- [DIRECTIONS] The entries are to be written out word for word, with their images left out.

◆ ◆ ◆ ◆ ◆

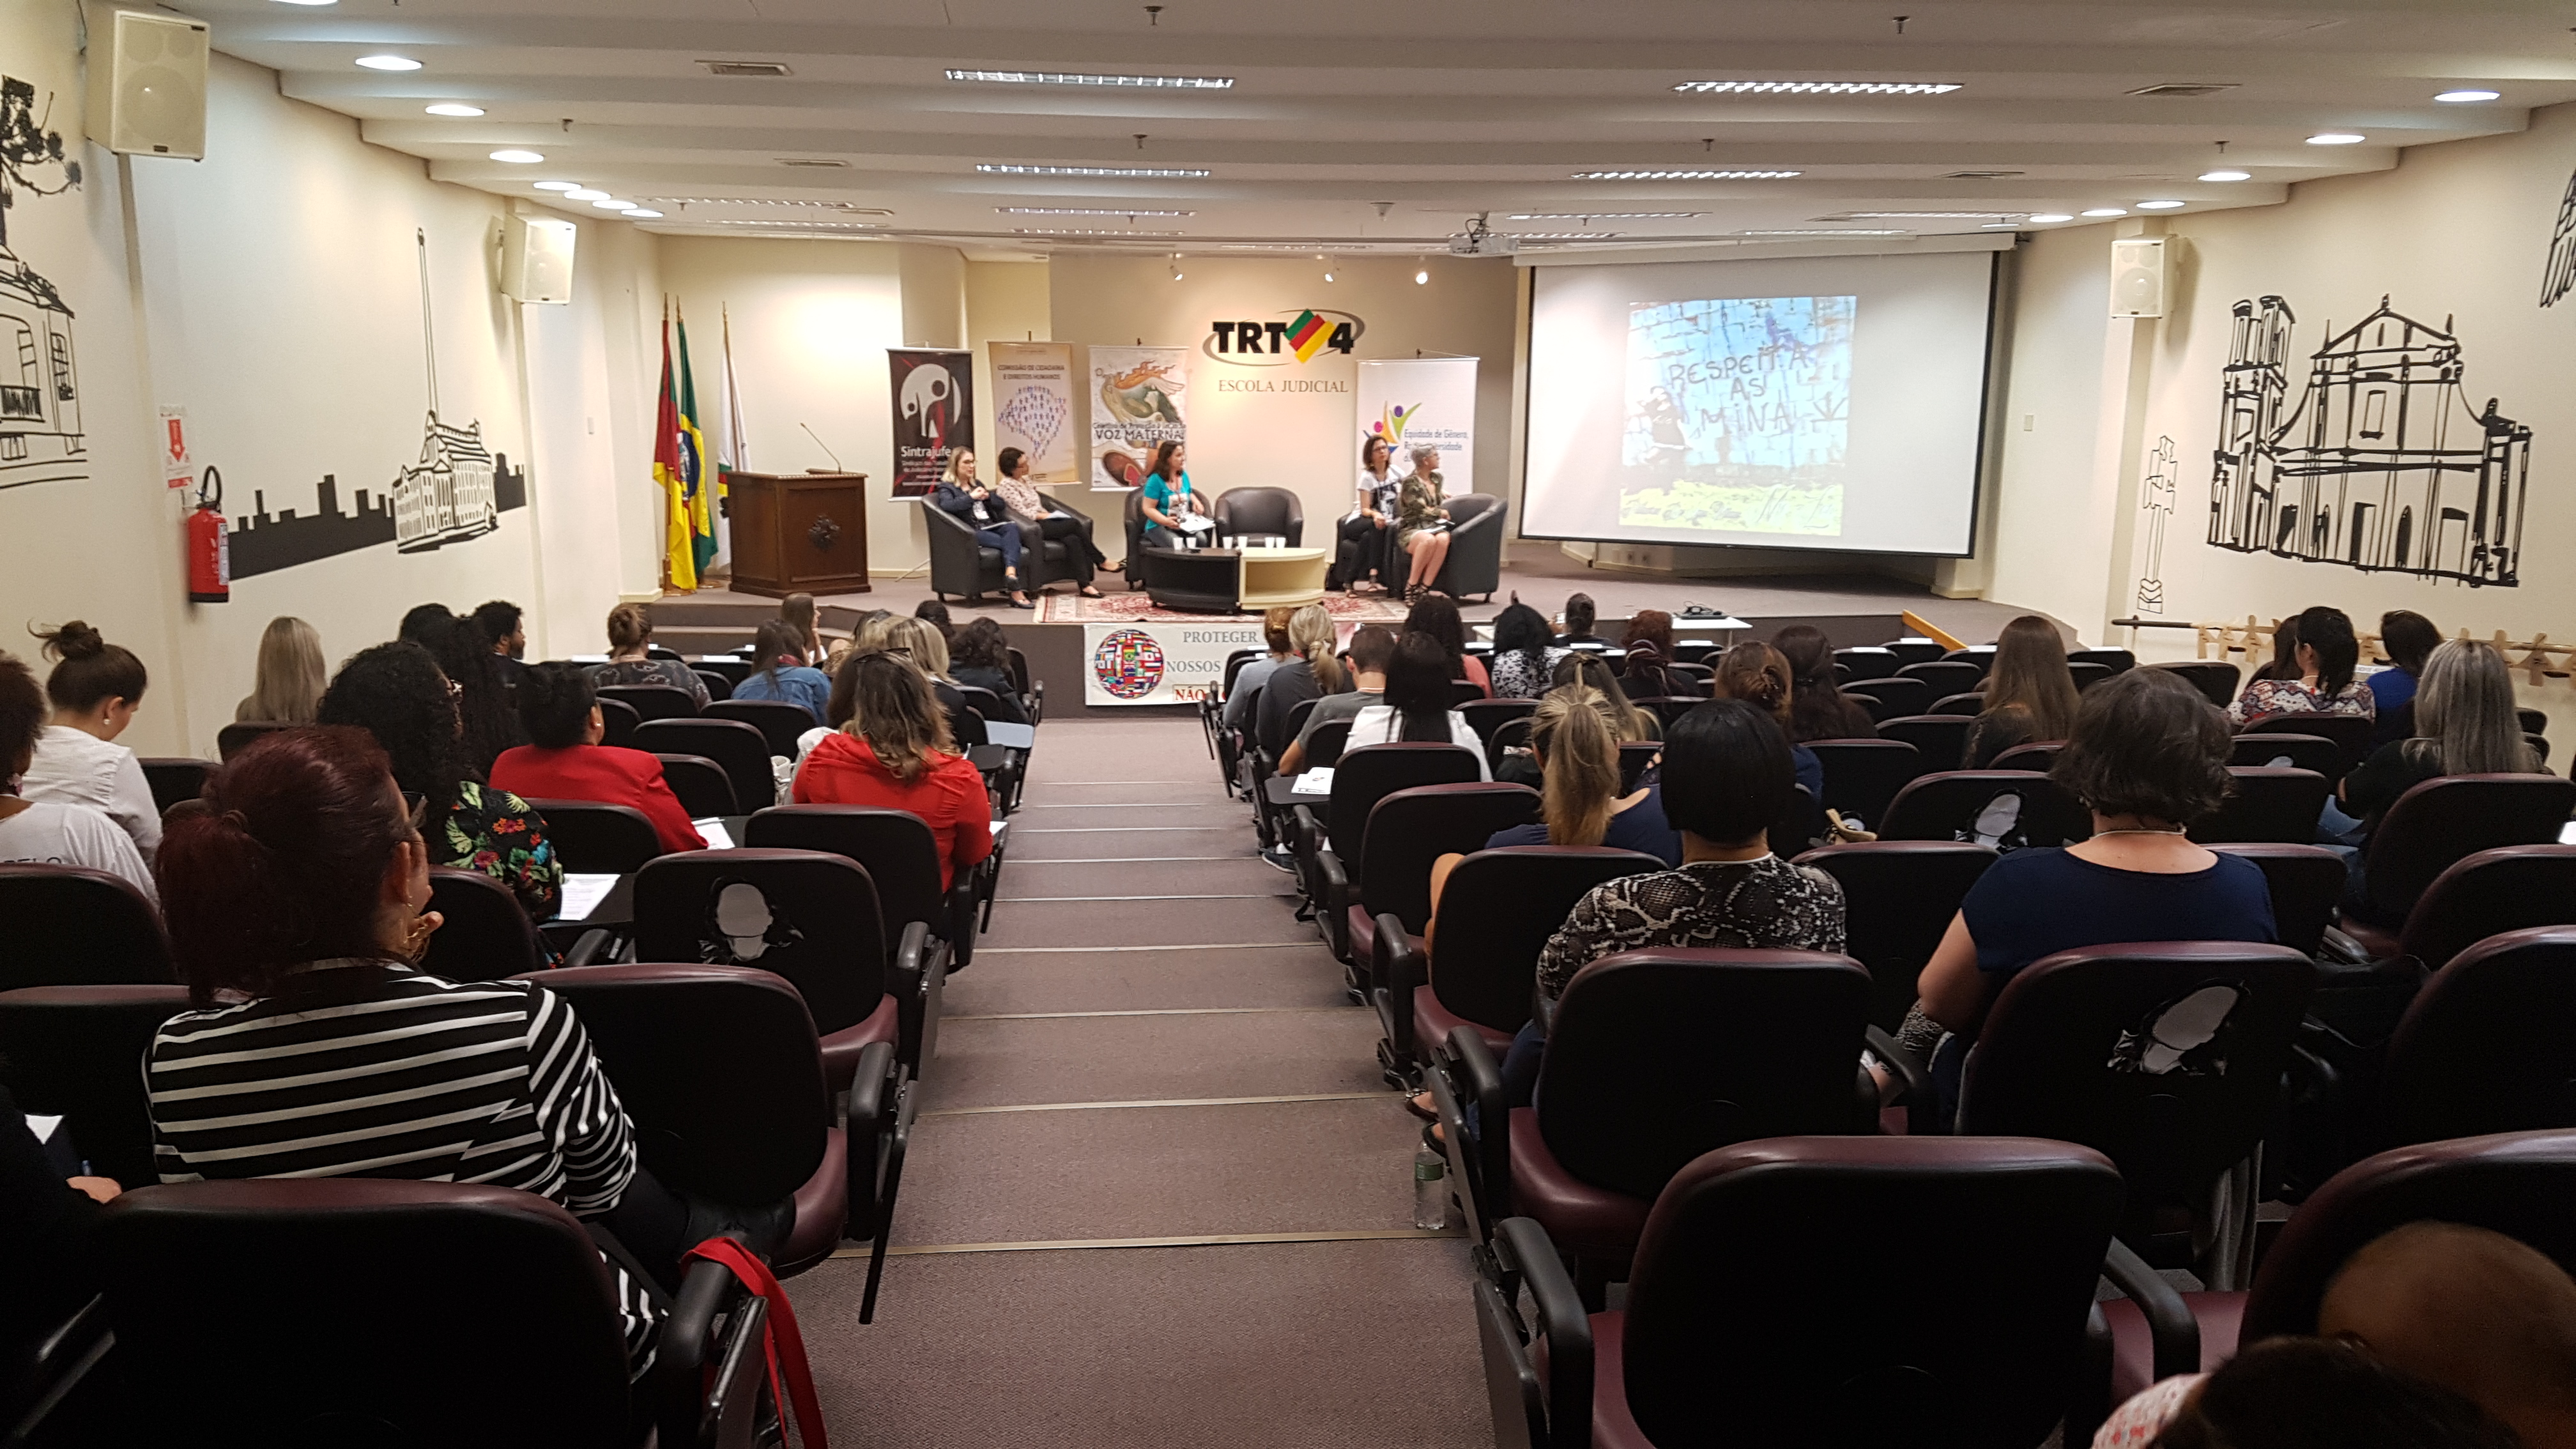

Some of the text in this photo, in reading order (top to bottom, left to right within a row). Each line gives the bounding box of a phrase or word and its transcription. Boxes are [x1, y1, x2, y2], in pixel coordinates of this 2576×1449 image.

[1212, 321, 1354, 354] TRT 4
[1218, 380, 1349, 394] ESCOLA JUDICIAL
[1095, 429, 1122, 440] VOZ
[901, 445, 952, 459] Sintrajufe
[1183, 631, 1259, 643] PROTEGER
[1166, 661, 1222, 673] NOSSOS
[1175, 686, 1206, 702] NÃO

◆ ◆ ◆ ◆ ◆

- [ANSWER BELOW]
Some of the text in this photo, in reading order (top to bottom, left to right within a row). Each line gives the bounding box of a phrase or word and its transcription. Boxes are [x1, y1, x2, y2], in pixel coordinates of this 2576×1449 image.

[1212, 321, 1354, 354] TRT 4
[1218, 380, 1349, 394] ESCOLA JUDICIAL
[1095, 429, 1122, 440] VOZ
[901, 445, 952, 459] Sintrajufe
[1183, 631, 1259, 643] PROTEGER
[1166, 661, 1222, 673] NOSSOS
[1175, 686, 1206, 702] NÃO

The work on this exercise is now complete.